I’m doing a paper with footnotes. I want the footnotes to be in font size 10. I can do that.
I want there to be an automatic space between the footnotes. I recently figured out how to do that, with a 6 point space automatically in-between. Yay me!
But I want that font size and line in-between to happen automatically with each footnote, instead of me formatting each footnote as I insert them.
Rumour has it that I have to do something with Styles? Waxzzat? How?
I’ve tried looking in Word’s “help” feature and have concluded it remains as un-helpful for techno-peasants as when I first had to start using Word.
You apply the style to some text. You apply formatting to a style. Then all the text that has that style automatically receives the formatting.
I think there’s a footnote style. Try making a footnote and then formatting the footnote style to your liking. Or maybe there isn’t a footnote style, then make one and apply it to your footnotes. It’s easy, if you select a style, the paragraph you’re in is set to that style, you don’t have to select exactly what you want to apply the style to (although you can, of course).
What I do when I’m having to go through something that’s got formatting I want to change is:
I choose a paragraph that’s in a given style, let’s say “Footnote”. I format it until it looks ok. Then I select it, right click on its style in the styles menu and choose “change style to match selection” (paraphrased from memory, may not be exact). That automatically changes every item in that style to be the way I like, both parts that already exist and whatever I add later.
If you are going to use a certain set of styles often, set them up and then save the document as a template. Then you can use that template as the basis for any document and it will already have your styles. This is what’s done for example in corporate settings to make sure everybody’s documents comply with company styles.
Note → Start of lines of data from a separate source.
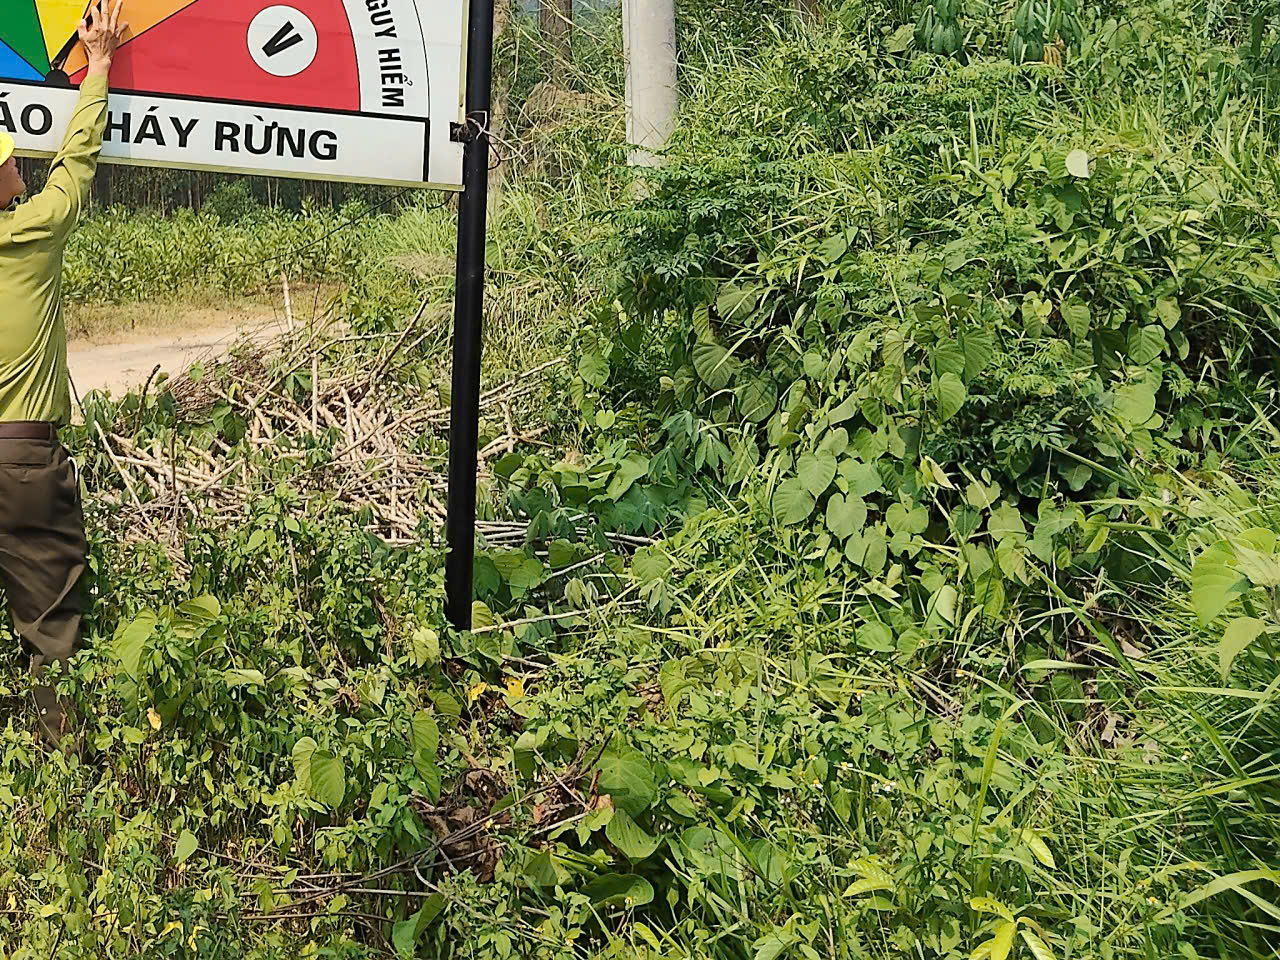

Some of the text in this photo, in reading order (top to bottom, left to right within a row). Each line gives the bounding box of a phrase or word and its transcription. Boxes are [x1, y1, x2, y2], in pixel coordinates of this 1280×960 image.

[261, 20, 304, 58] V
[377, 47, 414, 108] HIỂM
[103, 106, 199, 148] HÁY
[214, 114, 338, 161] RỪNG
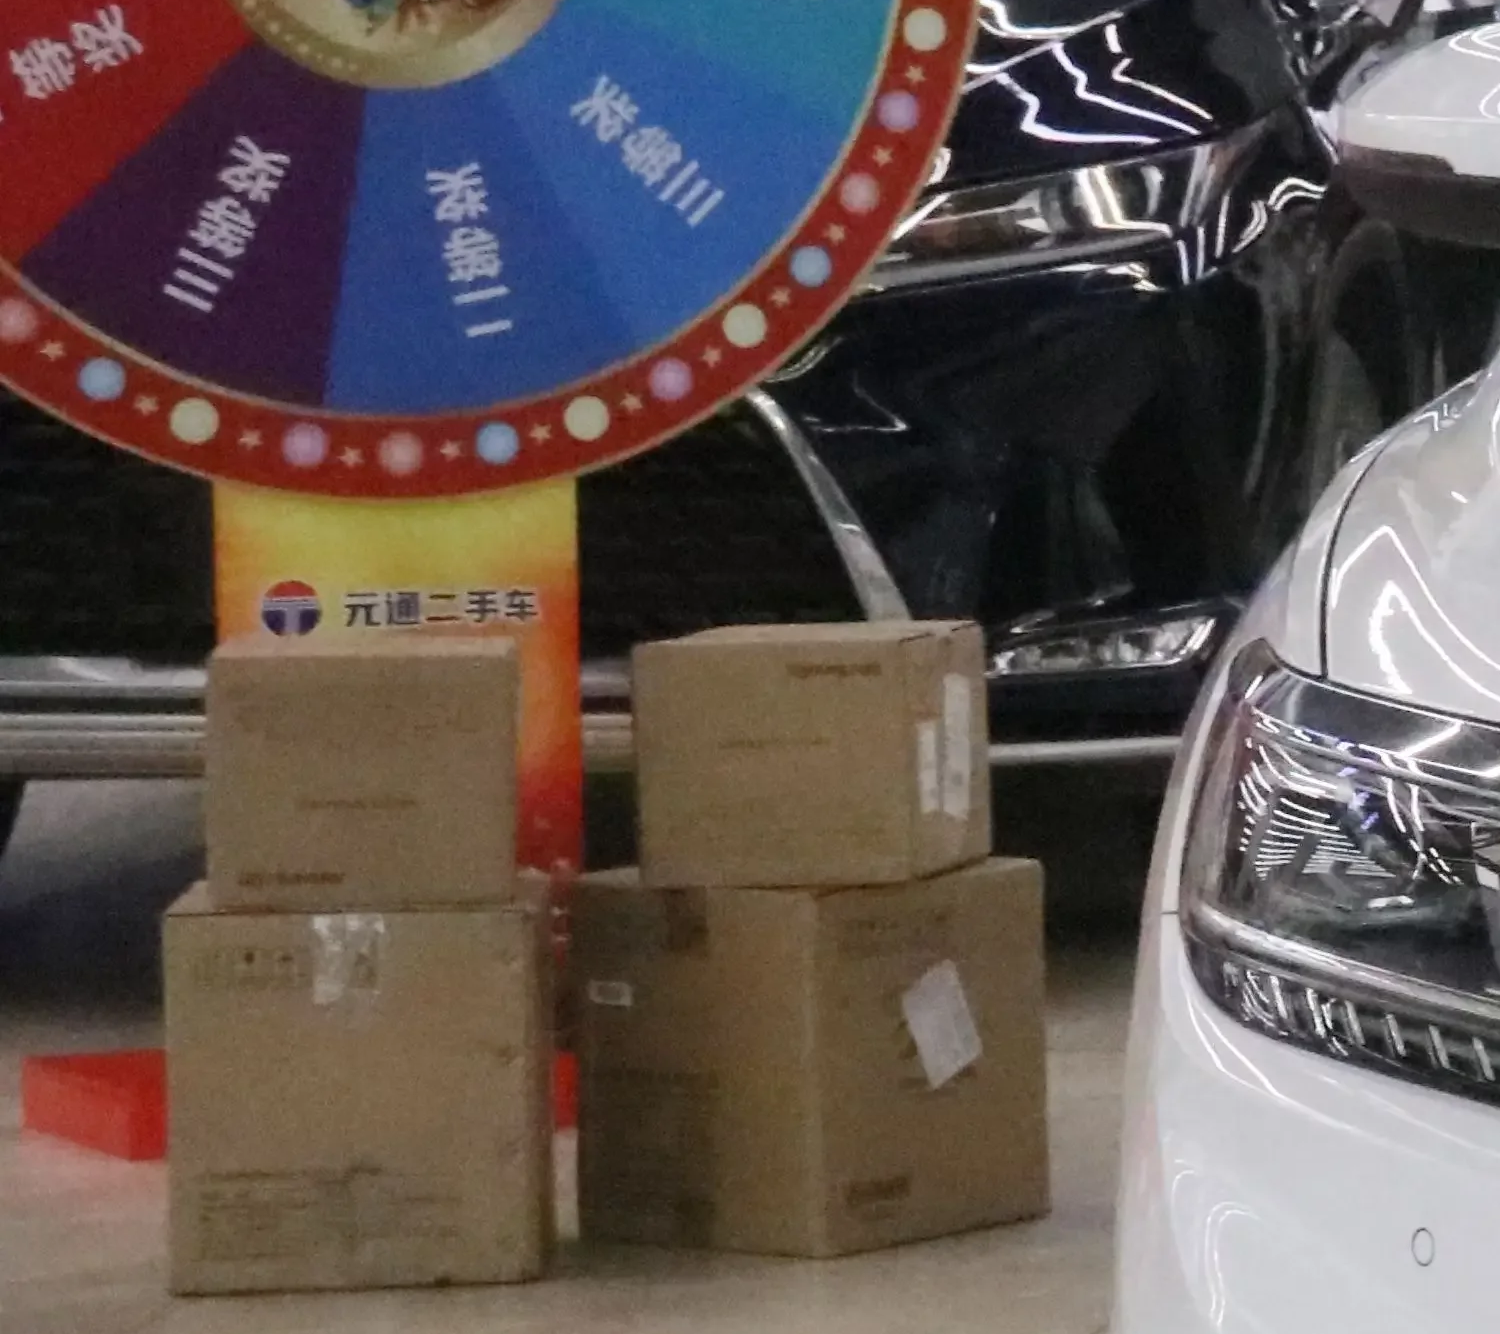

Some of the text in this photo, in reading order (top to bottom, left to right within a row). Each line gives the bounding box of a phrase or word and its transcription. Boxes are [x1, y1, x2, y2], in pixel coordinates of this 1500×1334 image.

[4, 4, 144, 101] 等奖
[163, 134, 292, 313] 三等奖
[569, 74, 725, 228] 三等奖
[425, 162, 514, 338] 二等奖
[343, 588, 538, 627] 元通二手车
Not a threads hit; by dint of trying to make Word into the poor man’s desktop publishing system rather than just a word processor, they’ve turn it into an unwieldy, bug-ridden, distended anus of software. It is pretty much the exemplar for bloatware, which is exacerbated by the fact that when they change revisions they break major features that require reformatting documents. The fact that there are such a vast array of websites and “Idiot’s Guide to…” books explaining how to work around the problems that Word presents users for even simple things like adding endnotes or list numbering indicates just how terrible this software is. Unfortunately, OpenOffice Writer isn’t substantially better. To see how a user-friendly word processor should work, you have to look to something like the OS X Pages application.
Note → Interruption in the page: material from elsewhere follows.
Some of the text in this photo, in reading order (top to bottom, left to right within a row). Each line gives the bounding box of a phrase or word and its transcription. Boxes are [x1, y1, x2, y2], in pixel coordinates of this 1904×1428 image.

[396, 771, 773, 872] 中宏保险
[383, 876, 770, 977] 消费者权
Word sucks. Unfortunately, Excel is even worse when people try to use it to do real number crunching. It is the bane of my existence. It is so, so, awful. I could go on all day about how terrible it is. I won’t, but I could.
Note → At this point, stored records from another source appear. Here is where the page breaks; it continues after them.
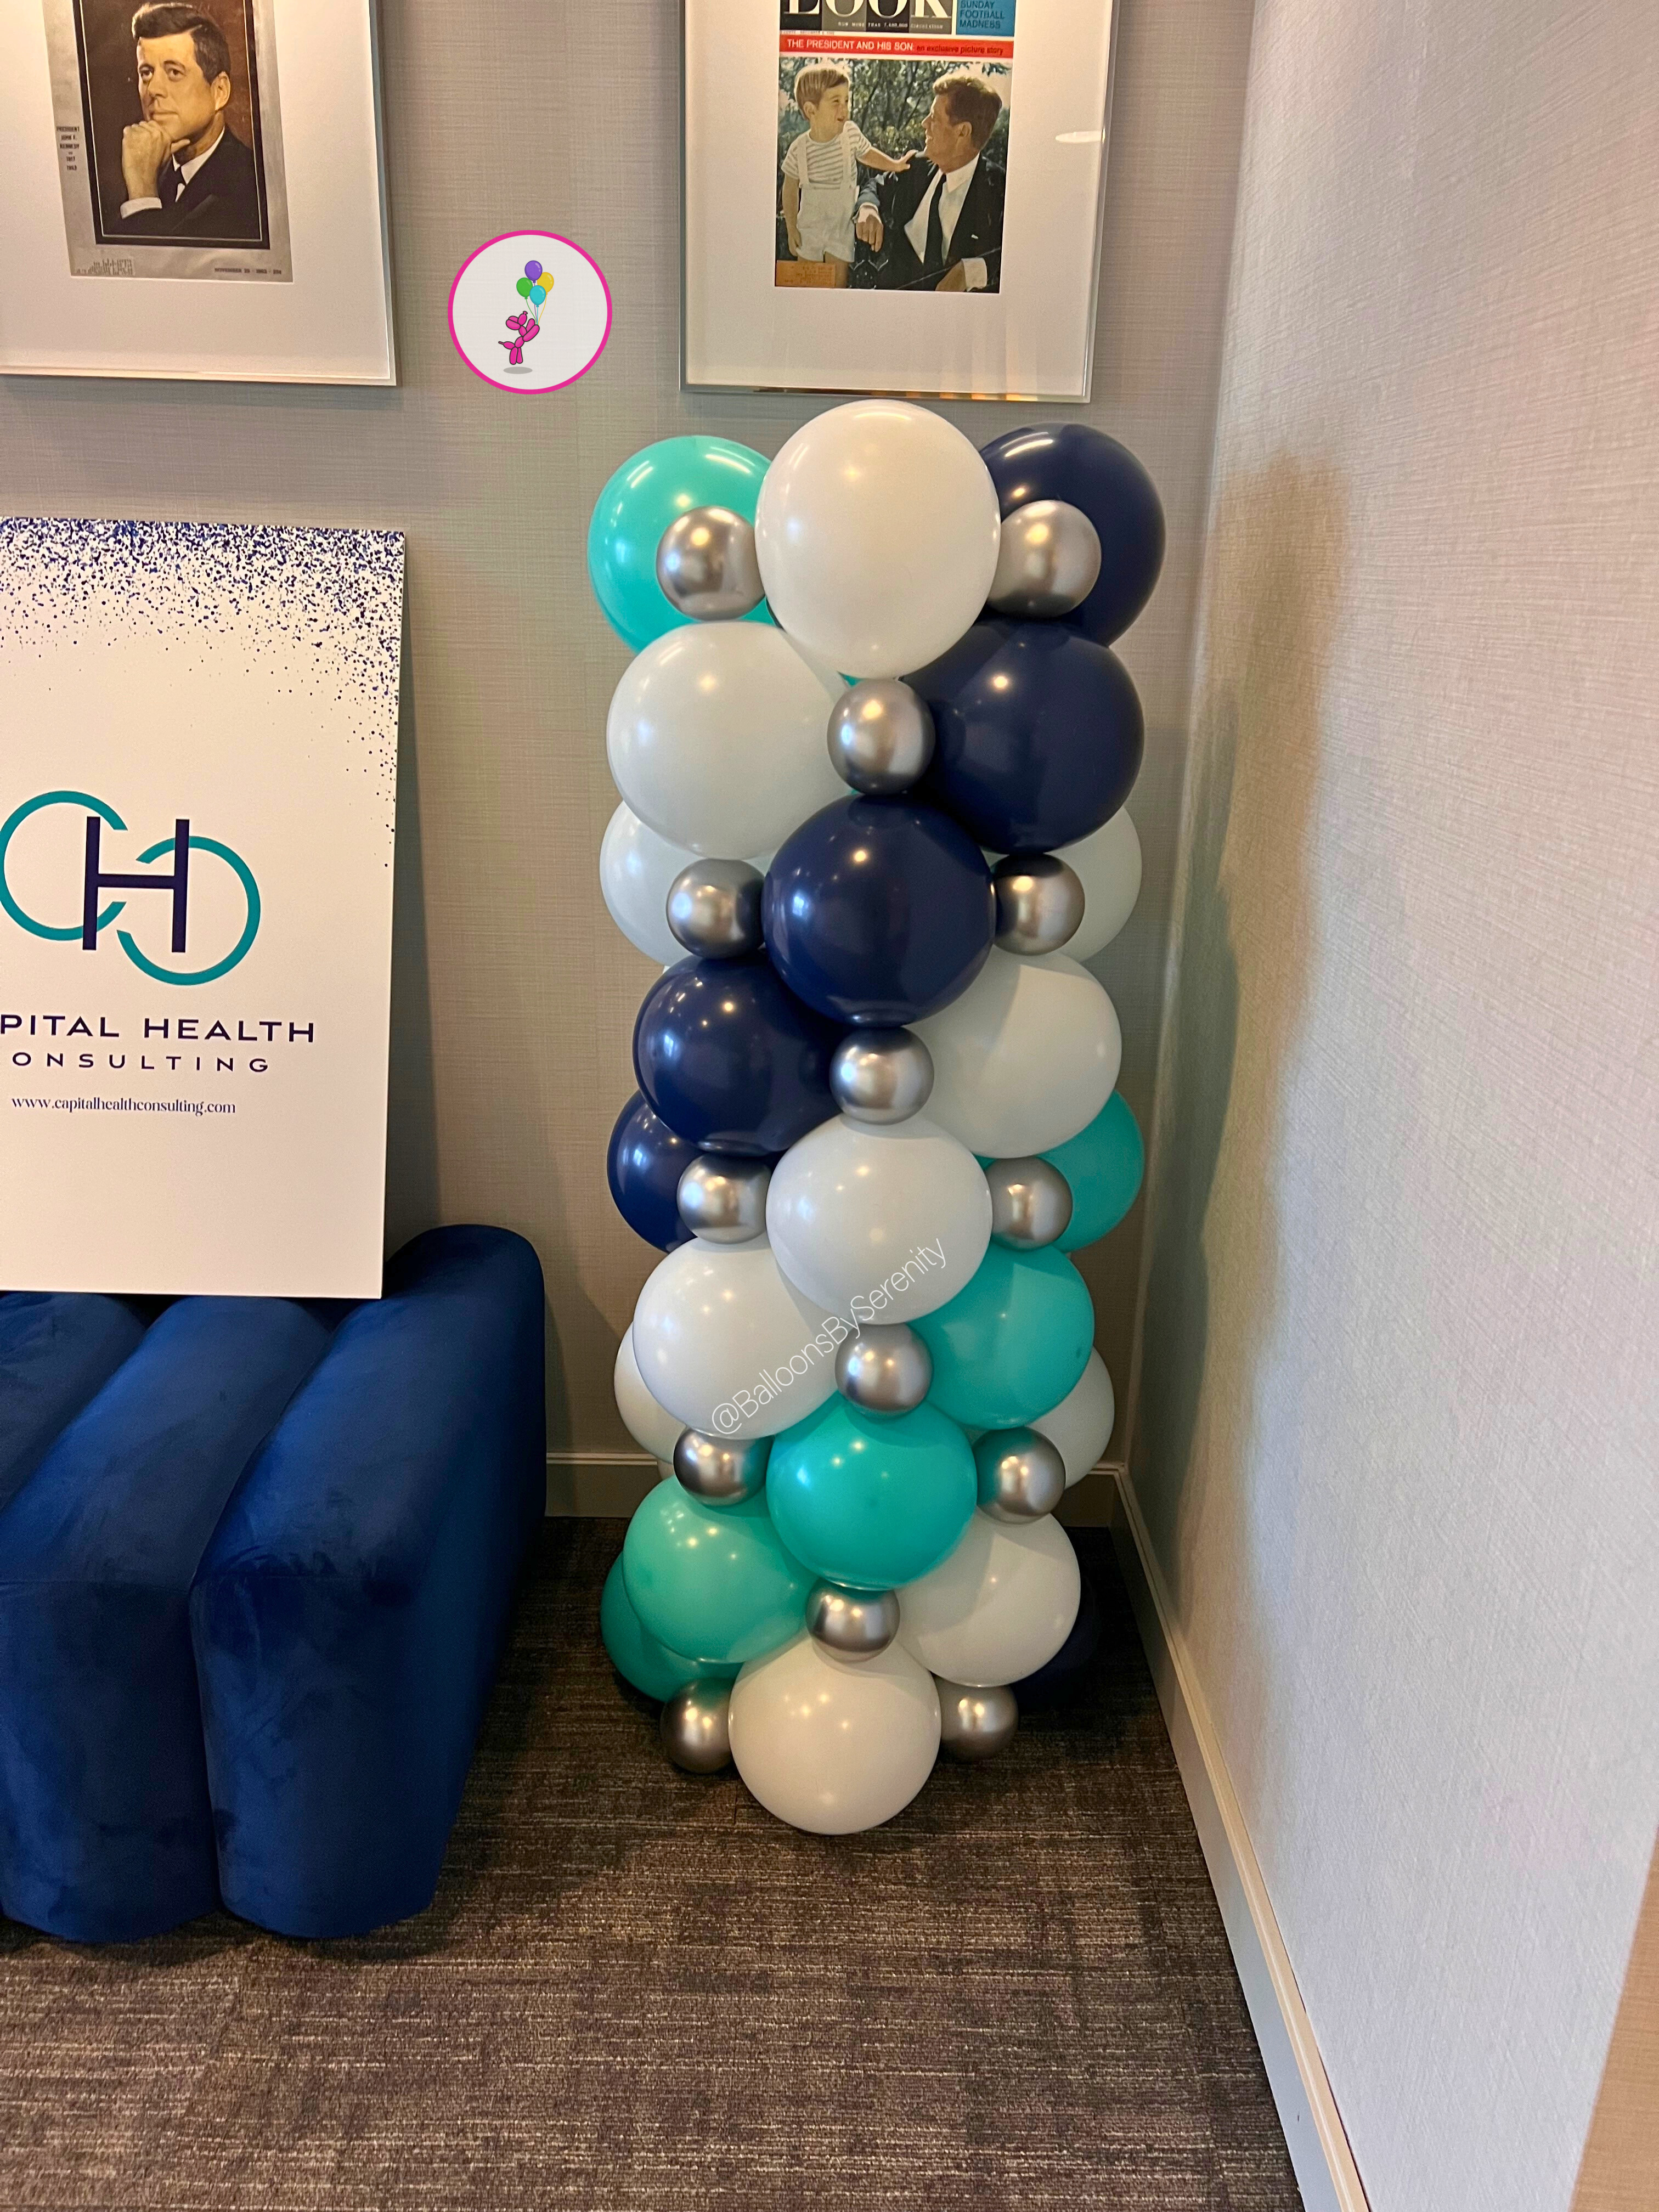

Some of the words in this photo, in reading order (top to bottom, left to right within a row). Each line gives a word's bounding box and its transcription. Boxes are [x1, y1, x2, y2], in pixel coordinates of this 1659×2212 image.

[960, 0, 995, 9] SUNDAY
[960, 9, 1005, 19] FOOTBALL
[959, 19, 1001, 29] MADNESS
[787, 39, 804, 48] THE
[806, 39, 854, 49] PRESIDENT
[856, 41, 874, 50] AND
[877, 41, 891, 50] HIS
[894, 42, 913, 51] SON
[927, 44, 959, 53] exclusive
[960, 45, 985, 54] picture
[986, 47, 1004, 55] story
[0, 1014, 120, 1037] PITAL
[144, 1018, 314, 1043] HEALTH
[12, 1051, 268, 1073] ONSULTING
[11, 1097, 236, 1116] www.capitalhealthconsulting.com
Format a footnote to your liking. Up at the top, you should see a style named “Footnote” (click on the little arrow in the styles box to scroll right if it’s not visible, but it should be if your cursor is in a footnote). Right-click on that box, and use the mouse to select “Update Style to Match Selection.” This should format all your footnotes accordingly.
Yes. Unfortunately they removed the menus so what you have to do is stare at the boxes until you find one that might do what you want and then see if it does. Explaining this in text for someone with an unknown version of Word is not a realistic possibility.
The way it was already explained in that same post.
OK, I actually have a document in Word open in front of me right now. The majority of the document is left-aligned, which I hate; I want it justified as is proper. In the “home” tab itself, I can see that the Style being used for the “body” text is called Normal (it’s framed in yellow in the list of styles). I can also see, by clicking in one of them (so the cursor is actually IN it) that the headings use a different Style, Heading3. Bullet-points lists follow the Style Bullets.
I want to modify everything that’s in Normal so it becomes Justified, without affecting the other two. Why? Because I need an example, duh.
a1) Click on a Normal paragraph, so the cursor is in it.
a2) Click on Justified. That paragraph becomes justified but the rest is still left-aligned.
a3) In the list of Styles, find Normal, which is framed in yellow because it’s the style that corresponds to the paragraph holding the cursor.
a4) Right-click Normal. In the menu, click “Update Normal to Match Selection”. Every paragraph which is Normal is now justified.
OK, so I want to save this group of three Styles for later use.
b1) Click on the File tab.
b2) Click on Save As.
b3) Give the file a name and choose format type “Word Template”. The file will have the extension .dot and its icon looks like one of those notepads which are designed to be carried in a clipboard.
And now I want to create a new document using that format. The safest way:
c1) File
c2) New
c3) New from existing
c4) Choose your template
If you’re still having problems I can do it with pics.
I find that my Word footnotes always come out with odd formatting and that Styles is weirdly selective about when it should apply… uh, itself. So when I’m finished with the document, I change all the footnotes to endnotes, apply whatever formatting I want to them with block selection, and then convert them back to footnotes.